Do I have to retake driving tests to exchange my licence?+
It depends where it was issued. EU/EEA licences are exchanged with no extra tests. Most non-EU/third-country licences require passing BOTH a theory and a practical test at Regitra, plus a certified translation. A few countries have exemptions (for example the UK and Switzerland, and certain categories from Moldova, the UAE, South Korea and Ukraine) — check Regitra for your exact case.
What is the 185-day rule?+
You count as a permanent resident of Lithuania if your place of residence is declared here and you live here at least 185 days in a calendar year. You can also qualify earlier through work, study or family ties. Reaching permanent-resident status is what ends the validity of a non-EU foreign licence and triggers the exchange requirement.

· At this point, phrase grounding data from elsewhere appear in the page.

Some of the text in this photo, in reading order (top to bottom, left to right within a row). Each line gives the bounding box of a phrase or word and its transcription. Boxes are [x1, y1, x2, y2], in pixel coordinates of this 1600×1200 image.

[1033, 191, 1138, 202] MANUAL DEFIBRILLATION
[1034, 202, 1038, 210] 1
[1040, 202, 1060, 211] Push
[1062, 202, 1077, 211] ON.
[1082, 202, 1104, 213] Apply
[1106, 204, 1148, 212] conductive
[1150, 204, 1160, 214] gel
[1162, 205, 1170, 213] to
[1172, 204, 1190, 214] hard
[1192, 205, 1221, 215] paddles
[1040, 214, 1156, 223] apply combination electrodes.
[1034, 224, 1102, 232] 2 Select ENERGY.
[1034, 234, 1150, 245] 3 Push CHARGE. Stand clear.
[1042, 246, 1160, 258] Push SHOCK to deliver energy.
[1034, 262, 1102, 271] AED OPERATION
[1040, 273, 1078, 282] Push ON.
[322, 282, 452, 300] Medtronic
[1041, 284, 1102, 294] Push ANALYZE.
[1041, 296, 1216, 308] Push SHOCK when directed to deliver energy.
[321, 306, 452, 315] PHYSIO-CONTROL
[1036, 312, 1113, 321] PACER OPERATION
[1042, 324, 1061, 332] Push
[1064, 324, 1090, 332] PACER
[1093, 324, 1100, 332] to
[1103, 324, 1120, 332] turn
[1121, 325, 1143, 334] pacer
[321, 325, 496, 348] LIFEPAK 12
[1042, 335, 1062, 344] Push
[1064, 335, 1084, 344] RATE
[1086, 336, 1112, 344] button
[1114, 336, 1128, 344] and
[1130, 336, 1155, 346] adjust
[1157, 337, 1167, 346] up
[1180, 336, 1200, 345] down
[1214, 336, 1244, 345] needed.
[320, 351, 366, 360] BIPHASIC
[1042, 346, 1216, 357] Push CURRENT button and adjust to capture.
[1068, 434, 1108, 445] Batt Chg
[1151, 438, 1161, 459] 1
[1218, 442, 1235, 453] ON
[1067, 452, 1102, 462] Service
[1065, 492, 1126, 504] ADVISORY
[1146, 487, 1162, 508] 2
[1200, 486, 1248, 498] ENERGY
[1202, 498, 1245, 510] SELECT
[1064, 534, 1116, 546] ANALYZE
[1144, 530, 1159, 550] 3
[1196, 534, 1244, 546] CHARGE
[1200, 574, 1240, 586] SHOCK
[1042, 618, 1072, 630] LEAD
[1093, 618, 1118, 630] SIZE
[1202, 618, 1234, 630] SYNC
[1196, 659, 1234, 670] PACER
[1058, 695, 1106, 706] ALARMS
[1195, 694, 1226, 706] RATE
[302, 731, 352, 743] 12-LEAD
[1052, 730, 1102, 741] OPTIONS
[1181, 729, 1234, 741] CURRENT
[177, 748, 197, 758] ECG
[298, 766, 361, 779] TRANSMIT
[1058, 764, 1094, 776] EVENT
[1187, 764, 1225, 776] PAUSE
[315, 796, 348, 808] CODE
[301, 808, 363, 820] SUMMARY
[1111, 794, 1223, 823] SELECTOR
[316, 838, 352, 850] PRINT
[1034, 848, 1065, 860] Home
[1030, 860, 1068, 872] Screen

Does driving on a non-valid licence affect my insurance?+
Yes. If your licence is no longer valid here — for example a non-EU licence you should have exchanged — you are effectively driving without a valid licence. That is an offence and can void your motor insurance cover, leaving you personally liable for any damage you cause and exposing your residence permit to risk. Sort the exchange out before you drive.
What documents do I need to exchange the licence?+
Typically your current foreign licence, an official (certified) translation into Lithuanian if it is not in Lithuanian, your identity document/residence permit, and a valid medical certificate. A first-aid certificate is needed if you have to sit the driving tests. Confirm the current list on the Regitra page for your country group.